Source data
◇ ◇ ◇ ◇

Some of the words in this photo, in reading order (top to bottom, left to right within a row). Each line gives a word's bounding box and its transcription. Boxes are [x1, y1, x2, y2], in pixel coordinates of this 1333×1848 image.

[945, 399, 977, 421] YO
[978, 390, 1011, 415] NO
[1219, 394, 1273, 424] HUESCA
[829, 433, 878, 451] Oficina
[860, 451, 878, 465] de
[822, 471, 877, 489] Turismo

◇ ◇ ◇ ◇

## Task description
All records shown above must be set down again verbatim.

## Written answer
Some of the words in this photo, in reading order (top to bottom, left to right within a row). Each line gives a word's bounding box and its transcription. Boxes are [x1, y1, x2, y2], in pixel coordinates of this 1333×1848 image.

[945, 399, 977, 421] YO
[978, 390, 1011, 415] NO
[1219, 394, 1273, 424] HUESCA
[829, 433, 878, 451] Oficina
[860, 451, 878, 465] de
[822, 471, 877, 489] Turismo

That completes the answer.